Last Thursday the 4th, Morgan and I saw Mike Doughty at the Bowery Ballroom. I’d never heard of Mr. Doughty or his former band Soul Coughing before Morgan’s invite to the show, but it had been ages since Morgan and I had shared a drink. Anyway, I’m always up for live music.


I arrived late, but Morgan assures me I didn’t miss anything. We caught a few seconds of the duo that was playing right before the headliner, but something about the way the guitarist’s acoustic was amplified didn’t agree with my ears so we stuck pretty closely to the downstairs bar until Mike hit the stage.

Continuing the no bass theme started at The White Stripes gig, the majority of the set featured Mike Doughty’s voice, strat and a small amp. On about half of the songs he was joined by “Doveman” who was as loved by the crowd as he was unknown to me. Man, am I out of the loop. Check out Morgan’s post about the show for much more info on the goings on.

Overall, I had a pretty good time. Doughty’s songs were simple enough that even a quasi-guitarist like me could pick them up, and had pretty clever lyrics from what I was able to gather from Morgan’s word for word backup singing. He’s got a really dry voice (Mike, not Morgan) that made the songs seem particularly vulnerable and counteracted some of the syrupiness of the subject matter. I’m not going to run out and pick up the Soul Coughing catalog, but the songs I’ve gotten from Morgan will be a nice addition to my collection.

The best part of the whole night for me was getting a peak into yet another non-commoditized rock music scene. The majority of people in attendance seemed like true fans, and they greeted the opening notes of almost every song with cheers and whistles. Morgan was amused by the higher than average percentage of people rocking the official indie rock nerd glasses, but I was having too much fun to notice. It was awesome to see a group of people who still appreciate real music performed by people with real instruments.

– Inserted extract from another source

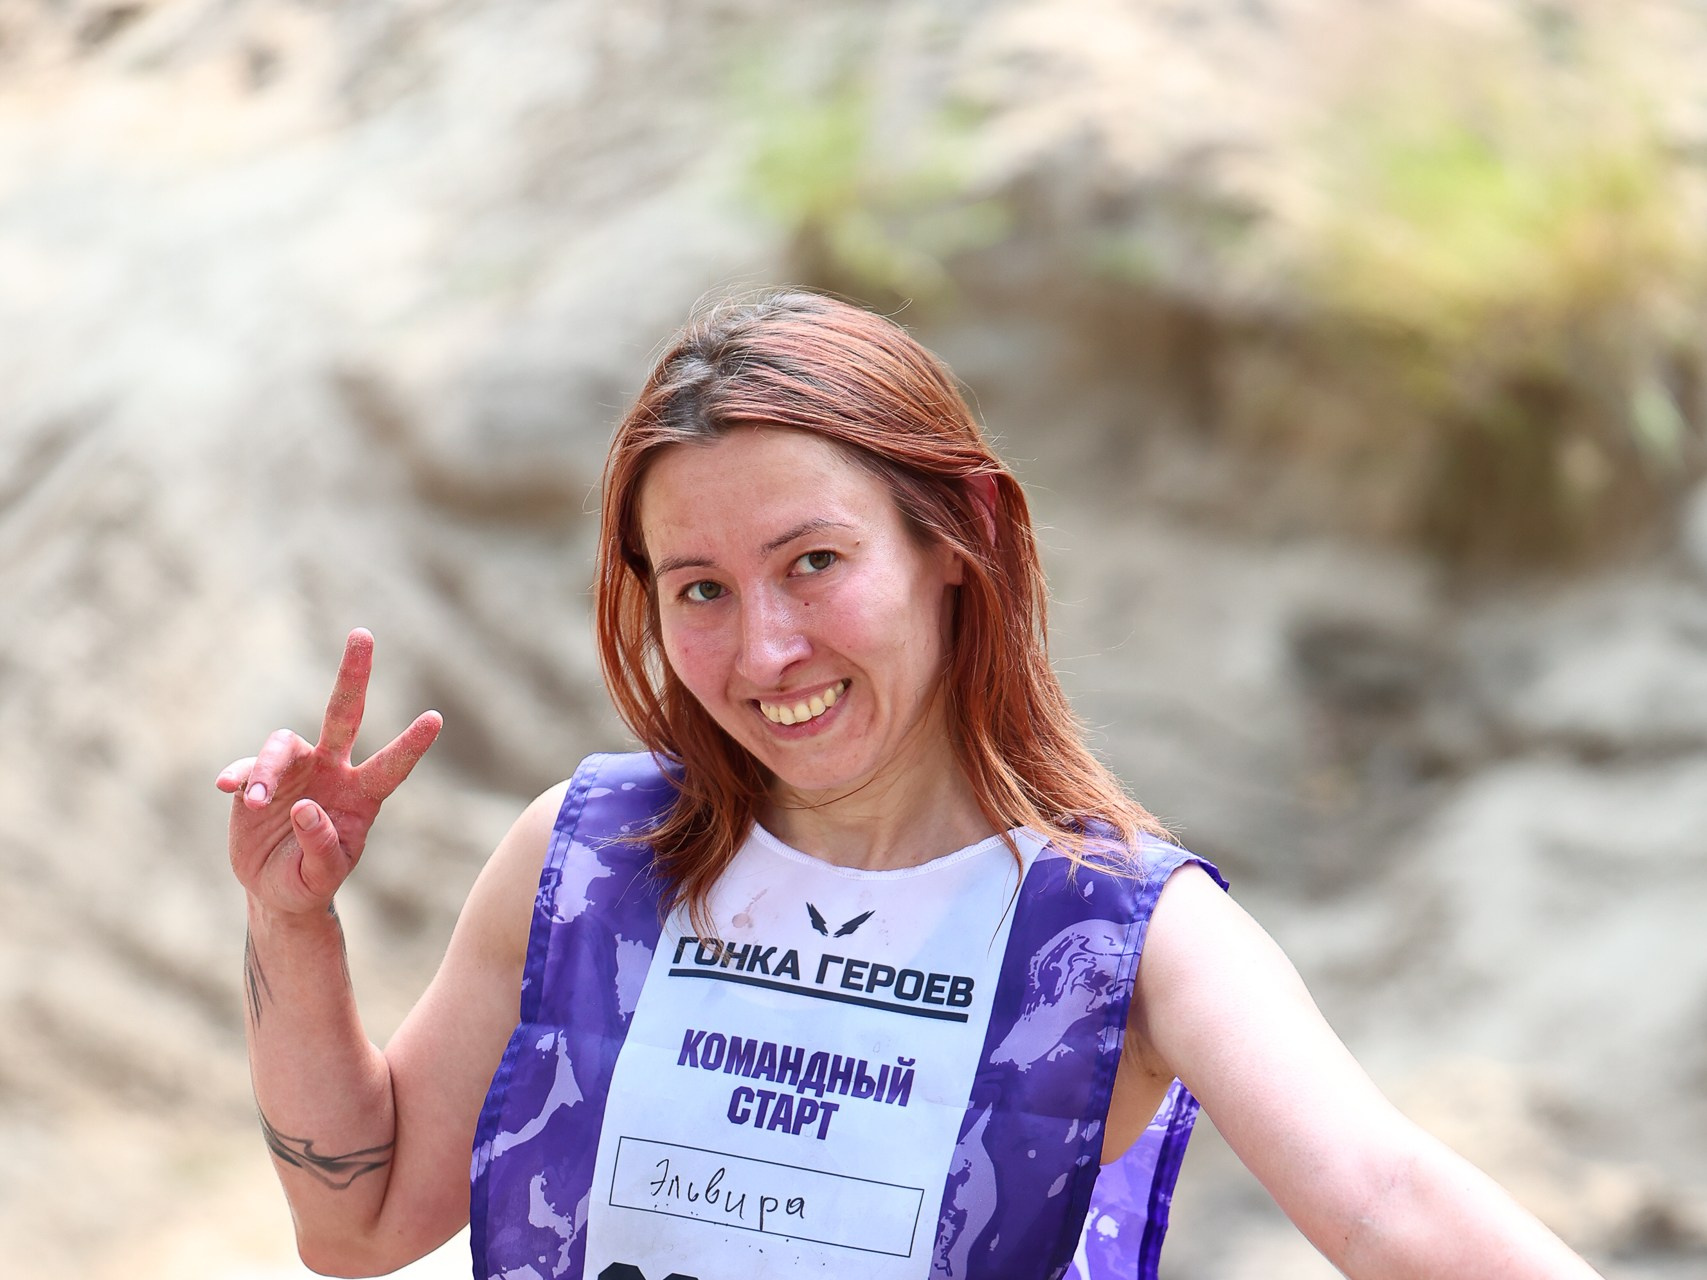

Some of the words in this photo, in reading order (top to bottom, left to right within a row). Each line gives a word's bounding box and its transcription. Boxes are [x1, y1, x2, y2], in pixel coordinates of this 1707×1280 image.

The only downside was the mandatory encore. Mike Doughty made fun of the whole thing by announcing that he was going to “go backstage and pretend the show was over for a minute”, but I would have preferred that he actually not go through the whole encore posturing rather than just being ironic. Can someone explain to me why every band in the world has to make believe their show is over in order to get called back for an encore? Does anyone really think they are really going to call it a night without playing their respective “Freebird”? Of course not.

All in all a fun show!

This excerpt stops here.